简单示例
首先我们需要定义一个函数,这个函数接收一个序列,然后返回三个常数:
def foo(lst)->float:
#接收一个一维序列,然后求解线性回归系数、R值、P值
res = stats.linregress(x=range(len(sample)), y=sample)
return res.slope, res.rvalue, res.pvalue
我们需要把一个普通py函数推广到xarray矩阵中,这里需要注意几个细节:
- 如果这个函数的输入为一个序列,要指明沿哪个维度输入,比如:
input_core_dims=[["z"]]
; - 指明输出的维度,如本文中的函数输出三个函数,就要指明:
output_core_dims=[(),(),()]
; - 向量化参数设置为真:
vectorize=True
,只有输出的返回值仅有一个常数时,才可以忽略此参数。
import xarray as xr
import numpy as np
# 定义你的dataarray对象
da = xr.DataArray(np.random.rand(5, 5, 3), coords={"x": [1, 2, 3, 4, 5,], "y": [1, 2, 3, 4, 5,], "z": [1, 2, 3]})
# 定义你的函数
def foo(lst)->float:
#接收一个一维序列,然后求解线性回归系数、R值、P值
res = stats.linregress(x=range(len(sample)), y=sample)

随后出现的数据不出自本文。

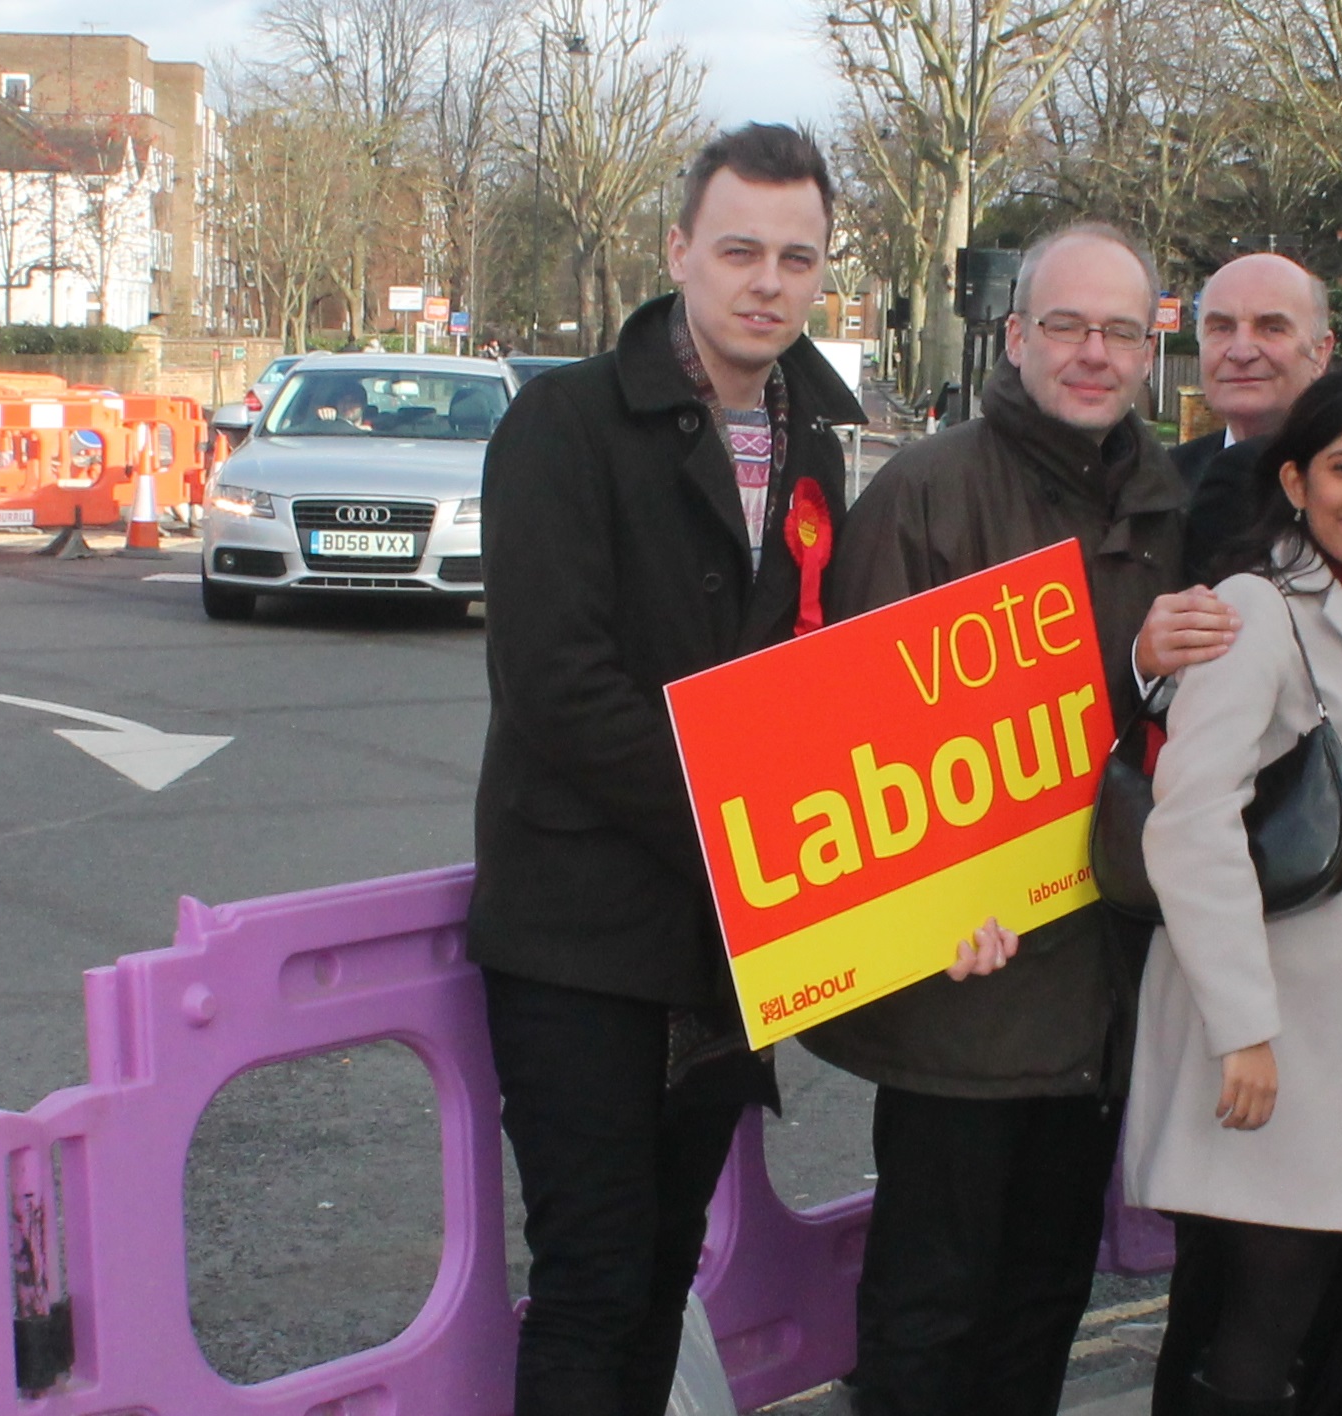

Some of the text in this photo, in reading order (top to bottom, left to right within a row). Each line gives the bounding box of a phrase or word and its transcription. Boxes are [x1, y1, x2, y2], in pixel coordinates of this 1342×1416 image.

return res.slope, res.rvalue, res.pvalue
# 使用xarray.apply_ufunc函数
result = xr.apply_ufunc(foo, da, input_core_dims=[["z"]], output_core_dims=[(),(),()], vectorize=True, dask="allowed")
# 查看结果
print(result)
可以看到,生成了3个DataArray
对象:
<xarray.DataArray (x: 5, y: 5)>
array([[0.01218603, 0.01218603, 0.01218603, 0.01218603, 0.01218603],
[0.01218603, 0.01218603, 0.01218603, 0.01218603, 0.01218603],
[0.01218603, 0.01218603, 0.01218603, 0.01218603, 0.01218603],
[0.01218603, 0.01218603, 0.01218603, 0.01218603, 0.01218603],
[0.01218603, 0.01218603, 0.01218603, 0.01218603, 0.01218603]])
Coordinates:
* x (x) int64 1 2 3 4 5
* y (y) int64 1 2 3 4 5,
<xarray.DataArray (x: 5, y: 5)>
array([[0.36905434, 0.36905434, 0.36905434, 0.36905434, 0.36905434],
[0.36905434, 0.36905434, 0.36905434, 0.36905434, 0.36905434],
[0.36905434, 0.36905434, 0.36905434, 0.36905434, 0.36905434],
[0.36905434, 0.36905434, 0.36905434, 0.36905434, 0.36905434],
[0.36905434, 0.36905434, 0.36905434, 0.36905434, 0.36905434]])
Coordinates:
* x (x) int64 1 2 3 4 5
* y (y) int64 1 2 3 4 5,
<xarray.DataArray (x: 5, y: 5)>
array([[0.00131352, 0.00131352, 0.00131352, 0.00131352, 0.00131352],
[0.00131352, 0.00131352, 0.00131352, 0.00131352, 0.00131352],
[0.00131352, 0.00131352, 0.00131352, 0.00131352, 0.00131352],
[0.00131352, 0.00131352, 0.00131352, 0.00131352, 0.00131352],
[0.00131352, 0.00131352, 0.00131352, 0.00131352, 0.00131352]])
Coordinates:
* x (x) int64 1 2 3 4 5
* y (y) int64 1 2 3 4 5
复杂示例
现在让他应用于dataset:
import xarray as xr
import numpy as np
from scipy import stats
ds=xr.Dataset(data_vars=dict(
var1=(["x", "y", "time"],np.random.rand(5, 5, 3)),
var2=(["x", "y", "time"],np.random.rand(5, 5, 3)),
),coords={"x": [1, 2, 3, 4, 5,], "y": [1, 2, 3, 4, 5,], "time": [1, 2, 3]})
def linregress(da,dim):
# 定义你的函数
def foo(sample)->float:
#接收一个一维序列,经过处理后输出一个整数
print(sample)
res = stats.linregress(x=range(len(sample)), y=sample)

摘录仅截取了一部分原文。